Because of that longer life expectancy, the group looked at long-term outcomes in the prospective Follow-Up of Transient Ischemic Attack and Stroke Patients and Unelucidated Risk Factor Evaluation (FUTURE) study.
It included 959 consecutive patients, ages 18 through 50, admitted to a single academic medical center for a first-ever transient ischemic attack (TIA, 262), ischemic stroke (606), or intracerebral hemorrhage (91) from 1980 through late 2010.
In the first 30 days after the event, the fatality rate was 0.4% for TIA, 3.6% for ischemic stroke, and 22% for hemorrhagic stroke, or 4.5% overall.
At 1 year, the cumulative mortality rate for 30-day survivors was 1.2% for TIA, 2.4% for ischemic stroke, and 2.9% for intracerebral hemorrhage.
The annual mortality risk after TIA didn't go up much, if any, over time, but the cumulative mortality of even these "mini-strokes" was substantial at 9.2% after 10 years and 24.9% after 20 years.
After ischemic stroke, the annual mortality risk remained fairly constant over the years, with a cumulative risk of 12.4% after 10 years and 26.8% after 20 years.
The smaller number of hemorrhagic stroke patients who survived to 30 days resulted in a more variable annual mortality risk ranging from less than 1% to nearly 3%.

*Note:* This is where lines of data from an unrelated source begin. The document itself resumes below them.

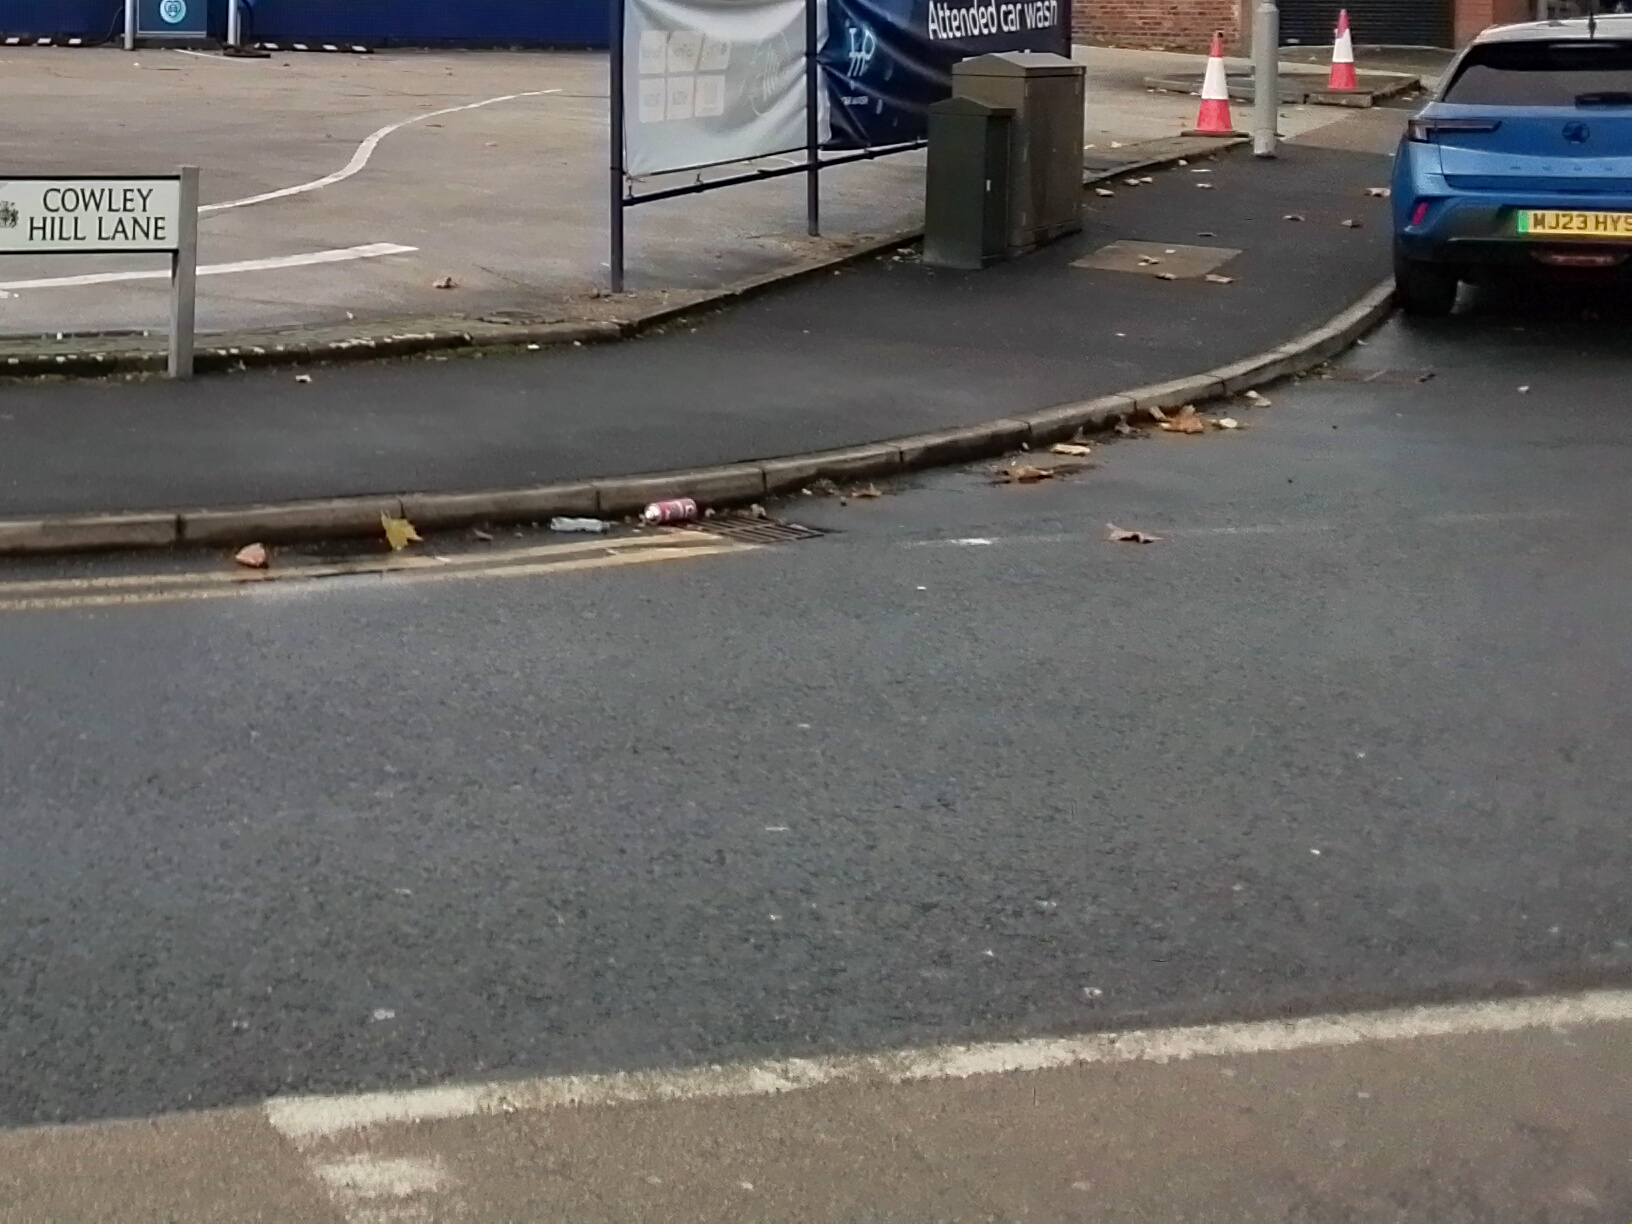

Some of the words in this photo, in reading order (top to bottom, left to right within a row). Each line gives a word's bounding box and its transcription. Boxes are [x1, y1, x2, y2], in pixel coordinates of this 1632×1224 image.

[1000, 2, 1022, 34] car
[42, 187, 154, 213] COWLEY
[28, 216, 87, 242] HILL
[96, 216, 167, 241] LANE
[1532, 212, 1588, 231] MJ23
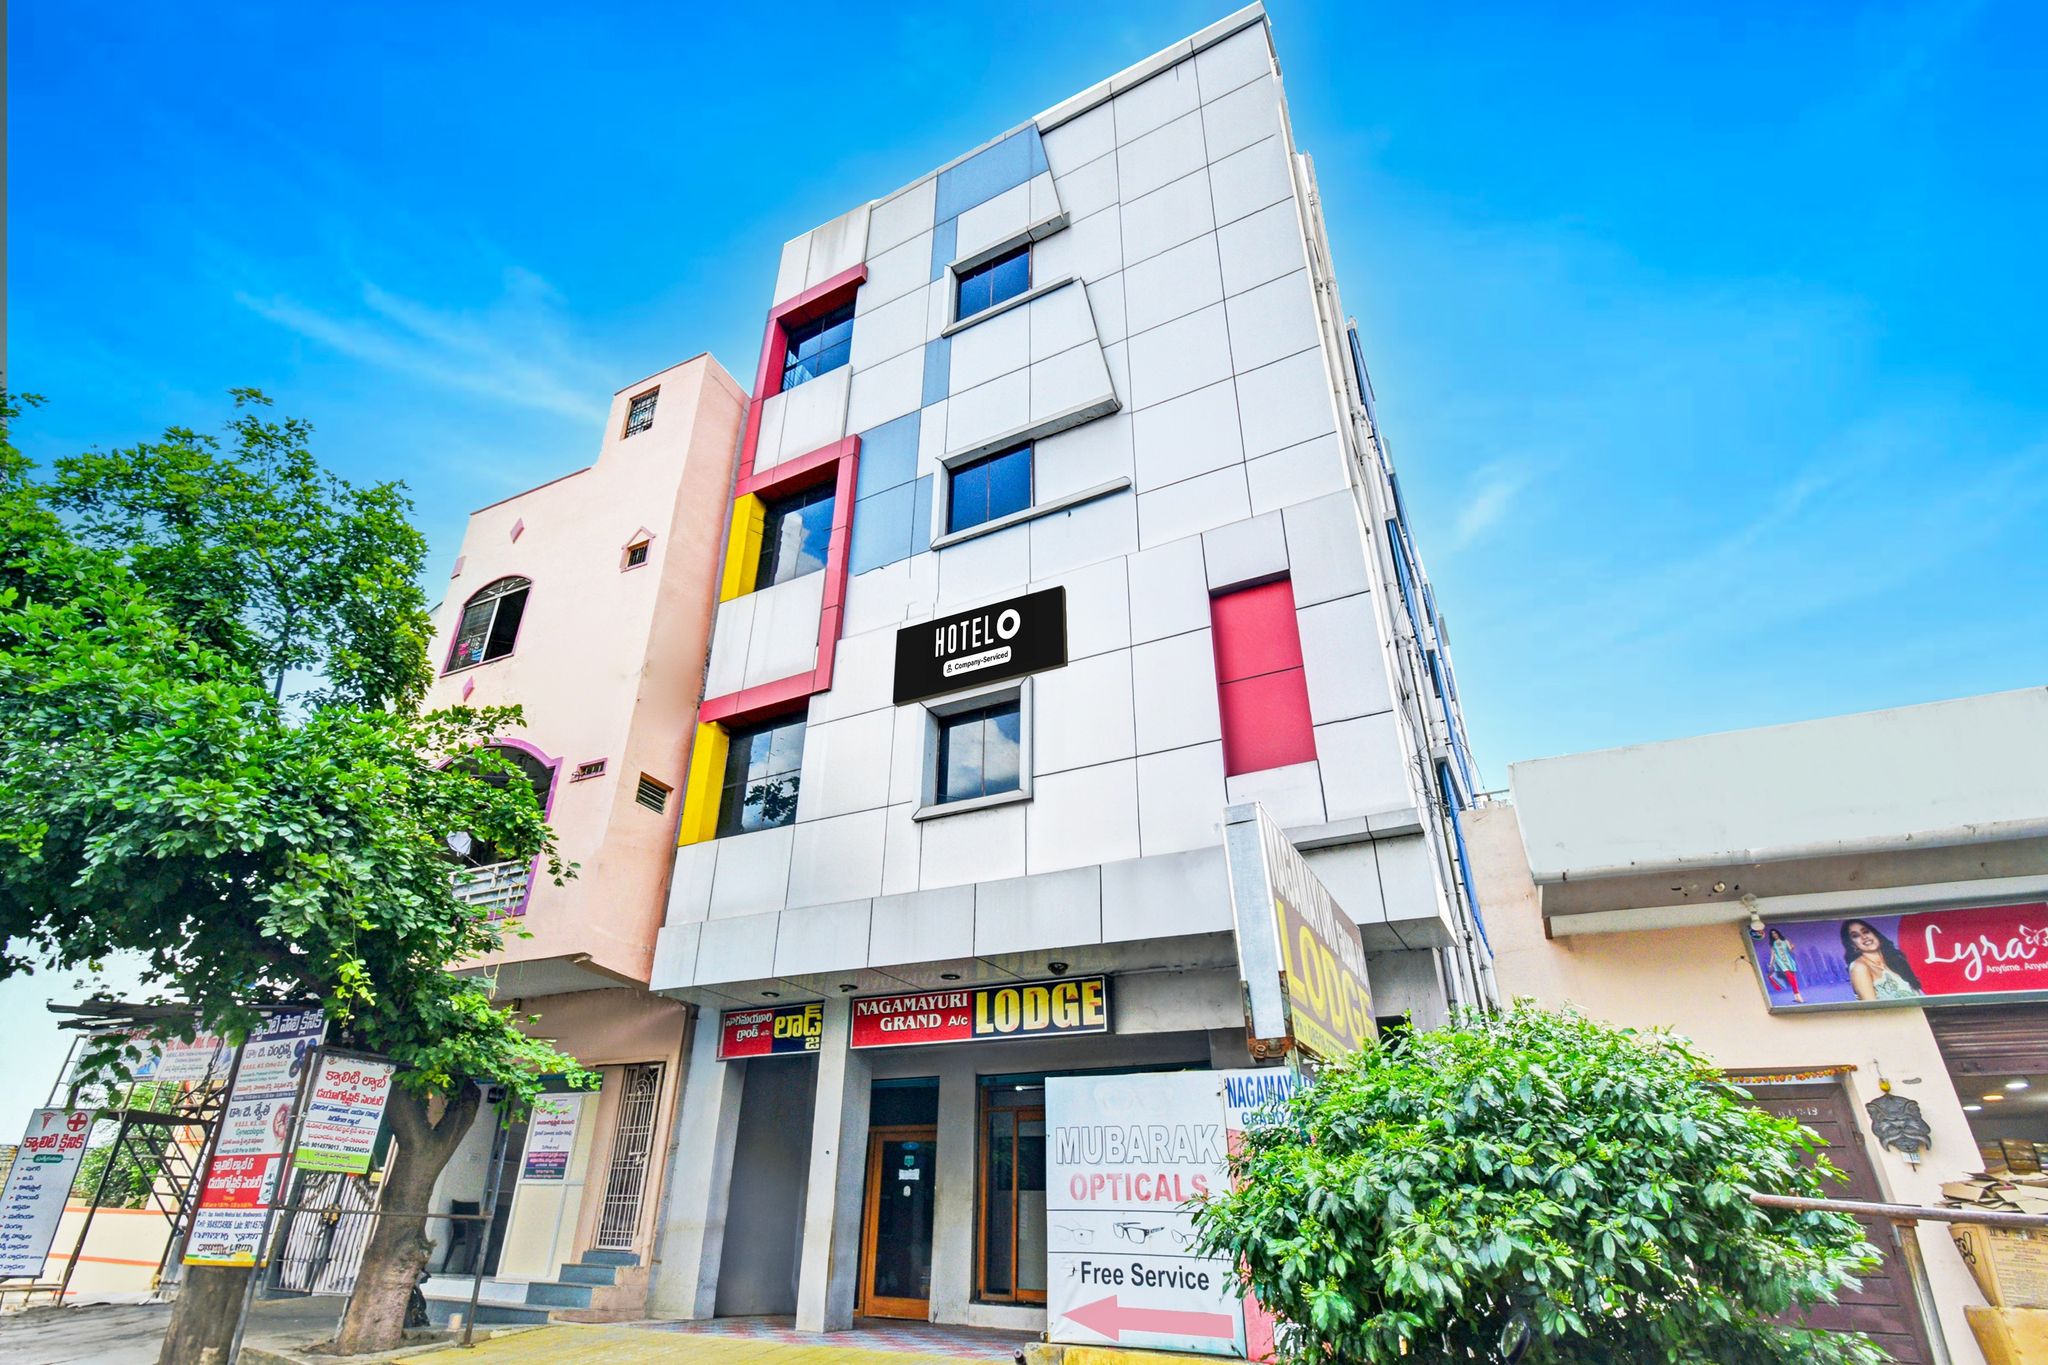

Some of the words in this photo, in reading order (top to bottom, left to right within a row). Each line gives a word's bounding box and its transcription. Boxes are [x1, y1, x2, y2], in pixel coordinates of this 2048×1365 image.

[935, 614, 994, 658] HOTEL
[954, 650, 1009, 670] Company-Serviced
[1924, 924, 2037, 982] Lyra
[2024, 960, 2048, 971] Anyw
[1275, 897, 1377, 1050] LODGE
[857, 992, 968, 1016] NAGAMAYURI
[975, 980, 1104, 1034] LODGE
[880, 1013, 942, 1032] GRAND
[947, 1015, 968, 1027] A/c
[1055, 1124, 1222, 1165] MUBARAK
[1069, 1172, 1209, 1203] OPTICALS
[1080, 1260, 1124, 1286] Free
[1131, 1261, 1210, 1291] Service
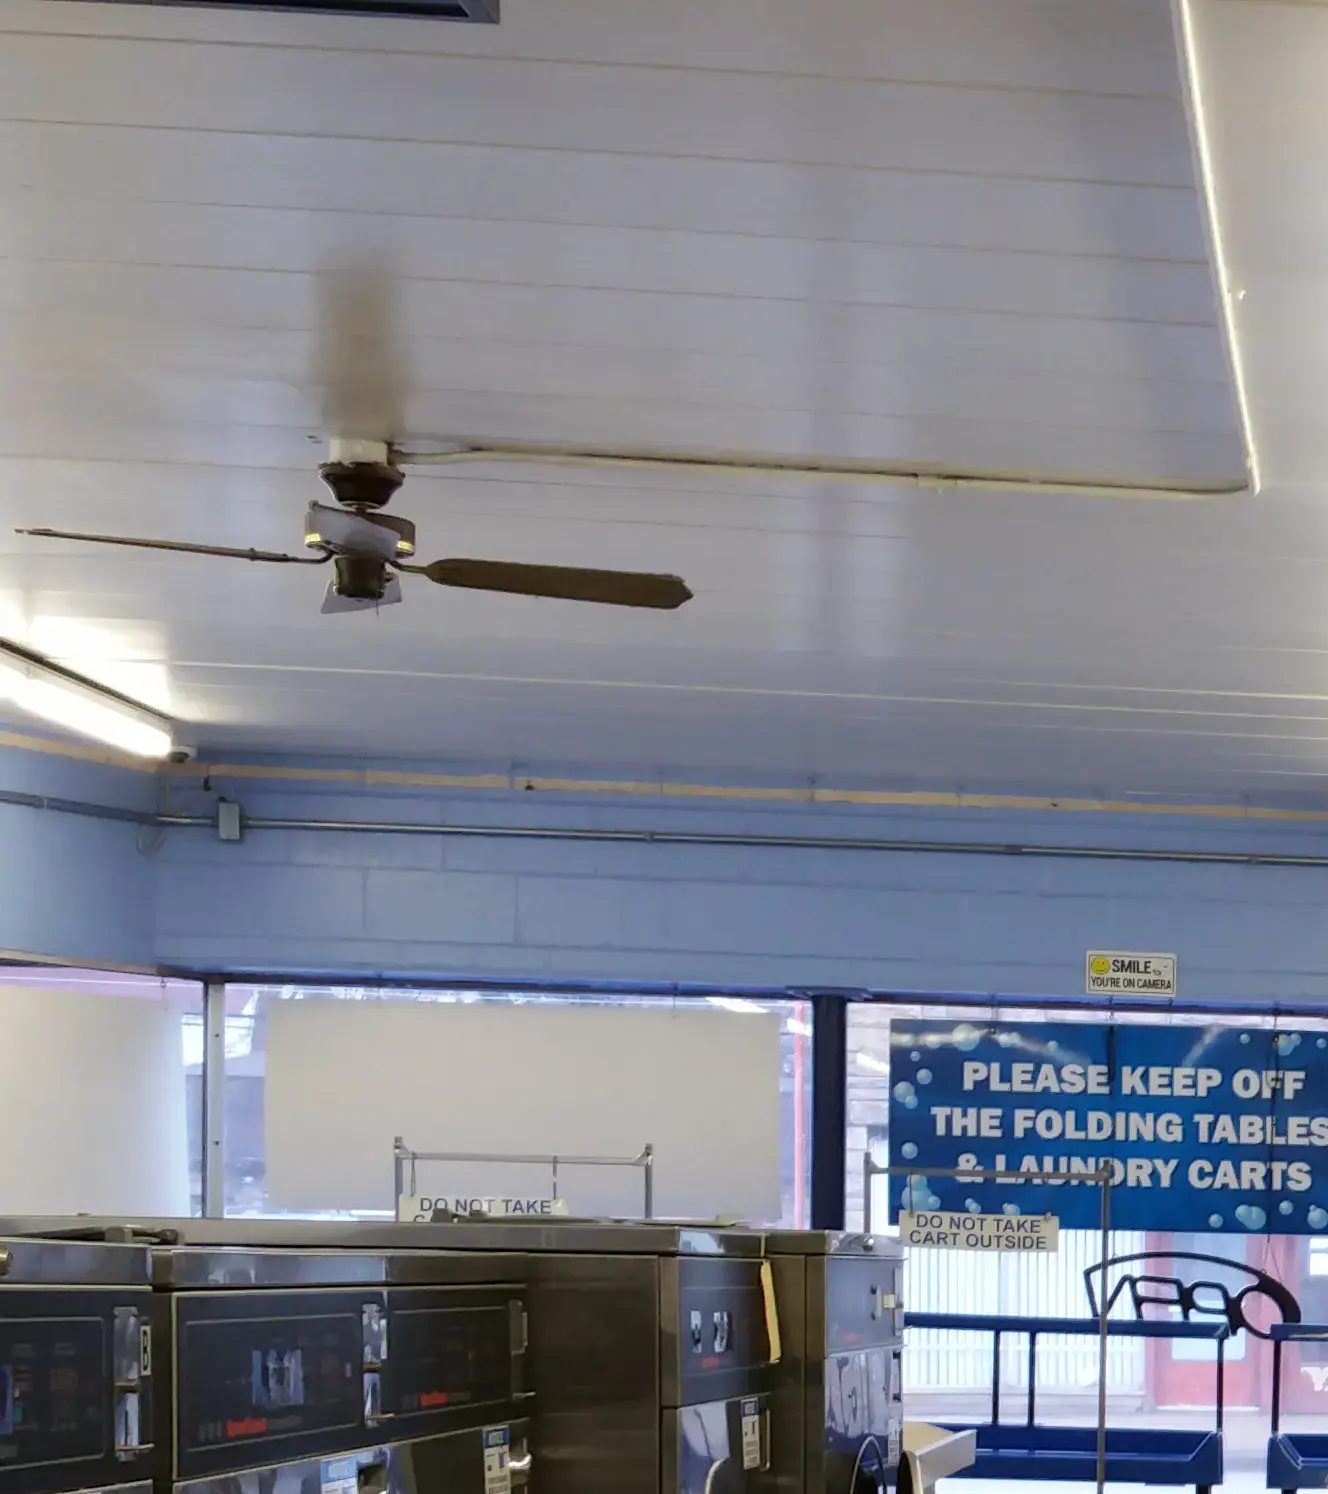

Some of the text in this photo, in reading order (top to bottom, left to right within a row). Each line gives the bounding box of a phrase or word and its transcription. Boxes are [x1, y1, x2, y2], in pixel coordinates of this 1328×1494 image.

[1112, 959, 1152, 974] SMILE
[1091, 976, 1171, 990] YOU'RE ON CAMERA
[963, 1061, 1306, 1099] PLEASE KEEP OFF
[931, 1107, 1003, 1137] THE
[1013, 1109, 1183, 1141] FOLDING
[955, 1153, 1312, 1191] & LAUNDRY CARTS
[420, 1198, 552, 1213] DO NOT TAKE
[916, 1214, 1041, 1234] DO NOT TAKE
[909, 1230, 1047, 1249] CART OUTSIDE

But their long-term cumulative risk was lower than in the first 30 days, at 10.3% after 10 years and 13.7% after 20 years.
The mortality risk over the entire follow-up period compared with an age-, sex-, and year-matched cohort from the no-stroke general population in the Netherlands was consistently elevated after ischemic stroke (26.8% versus 7.6%), though only significantly higher after 10 years post TIA (24.9% versus 8.5%).
Confidence intervals for long-term mortality after intracerebral hemorrhage overlapped with expected rate for the general population.
Introduction of thrombolytic therapy toward the end of the study period didn't appear to impact later mortality risks.